The charity said it was important to remember that the reforms will take years to come into force. There will need to be a new law to amend the Mental Health Act and that will have to be voted on in Parliament.
It added that the Government and NHS need to stop autistic people reaching crisis in the first place, by investing in better social care and mental health services that work for autistic children and adults.
And that changes must start with publishing the new national autism strategy without delay.
Mental Health Act White Paper
The Independent Review of the Mental Health Act, chaired by Professor Sir Simon Wessely, which reported in December 2018, concluded that the Act does not always work as well as it should for patients, nor for their families and carers. It proposed recommendations for change. In response to the Independent Review, the Government published a White Paper, which accepted the vast majority of the Review’s recommendations and sought views on the impact of these recommendations and how best to implement them in practice.
The definition of “mental disorder” in the Mental Health Act currently includes autism, which means you can be sectioned for being autistic, even if you don’t have a mental health condition.
The White Paper proposes to change this for one important type of ’section’, sometimes called a ’section 3’. This would mean that autistic people couldn’t be sectioned for longer than 28 days unless it is to treat another mental health condition. Autistic people could still be detained in two circumstances:
For “assessment” for up to 28 days (sometimes called a ‘section 2’). If during this time the assessment does not find a mental health condition, then there would no longer be grounds to detain the autistic person.
In cases where otherwise it would mean someone would go to prison (sometimes called “criminal justice” or “Part 3” sections). This would mean that autistic people could still be diverted away from prison to get more support.

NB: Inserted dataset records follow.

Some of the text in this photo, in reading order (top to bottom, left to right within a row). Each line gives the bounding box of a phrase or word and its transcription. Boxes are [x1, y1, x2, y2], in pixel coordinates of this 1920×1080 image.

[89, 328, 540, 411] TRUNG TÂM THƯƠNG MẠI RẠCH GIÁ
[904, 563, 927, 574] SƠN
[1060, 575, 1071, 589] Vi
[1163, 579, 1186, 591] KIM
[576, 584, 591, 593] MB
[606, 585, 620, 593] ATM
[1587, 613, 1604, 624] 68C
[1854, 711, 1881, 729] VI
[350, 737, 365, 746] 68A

Invest in better social care and mental health services
New NHS datashows that in June 2021 there were 2,075 autistic people and people with learning disabilities in inpatient mental health hospital and 1,200 (58%) of these people are autistic.

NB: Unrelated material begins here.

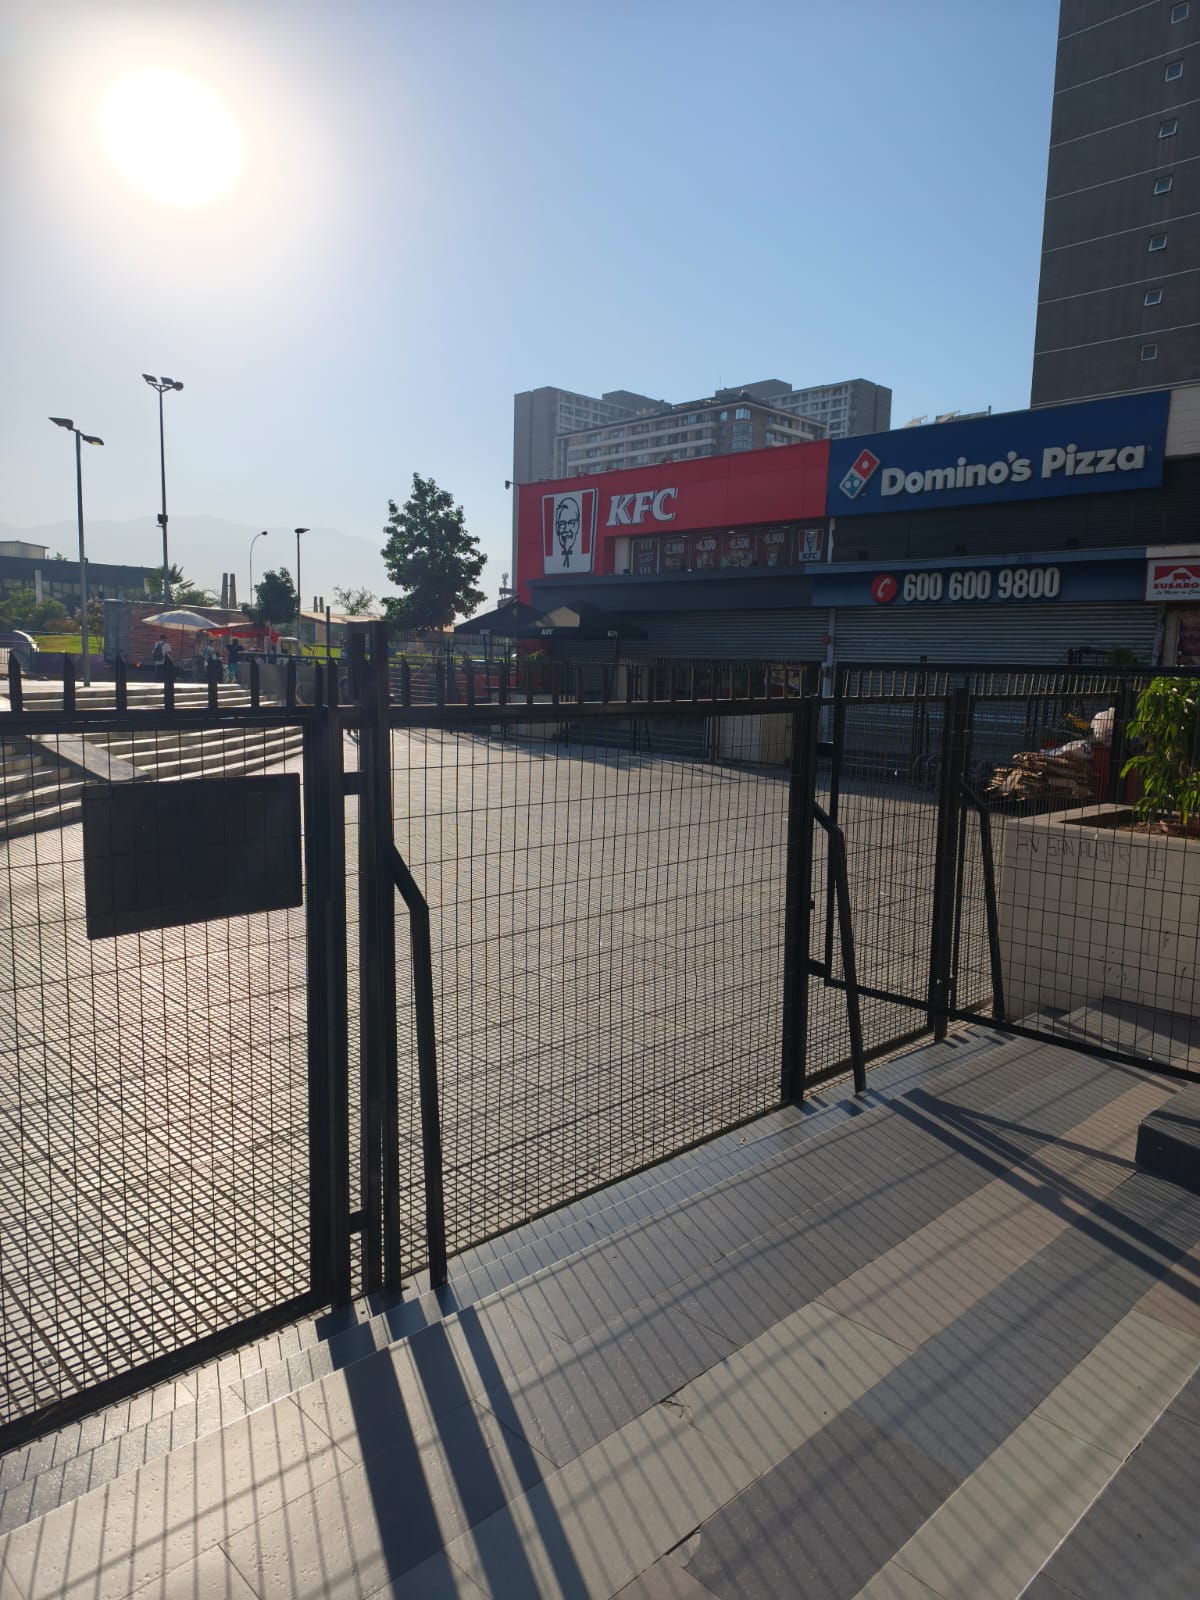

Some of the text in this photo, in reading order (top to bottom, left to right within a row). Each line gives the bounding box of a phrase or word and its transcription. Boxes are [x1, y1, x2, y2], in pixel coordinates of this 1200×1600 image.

[880, 443, 1146, 496] Domino's Pizza
[606, 487, 679, 527] KFC
[903, 567, 1061, 602] 600 600 9800

Despite some progress moving people with a learning disability out of hospital and into the community, the number of autistic people in inpatients facilities has increased. In 2015, autistic people made up 38% of the number in hospital and now it is 58%.
Tim Nicholls, Head of Policy and Public Affairs at the National Autistic Society, said: “We will keep holding the Government to account and fighting for changes to end the scandal of autistic people being stuck in mental health hospitals. It’s totally wrong that anyone could be forced to live many miles away from their friends and families and, in some awful cases, be overmedicated, inappropriately restrained and kept in isolation.
“This week is an important milestone, with the Government promising to go ahead with its proposals to change mental health law. As part of this they’ve committed to finding a way to change the definition of ‘mental disorder’ in the Mental Health Act, so it no longer includes autism. This will help stop people being sectioned, just because they’re autistic, and is something we and hundreds of thousands of campaigners have been calling for. Now it needs to happen.”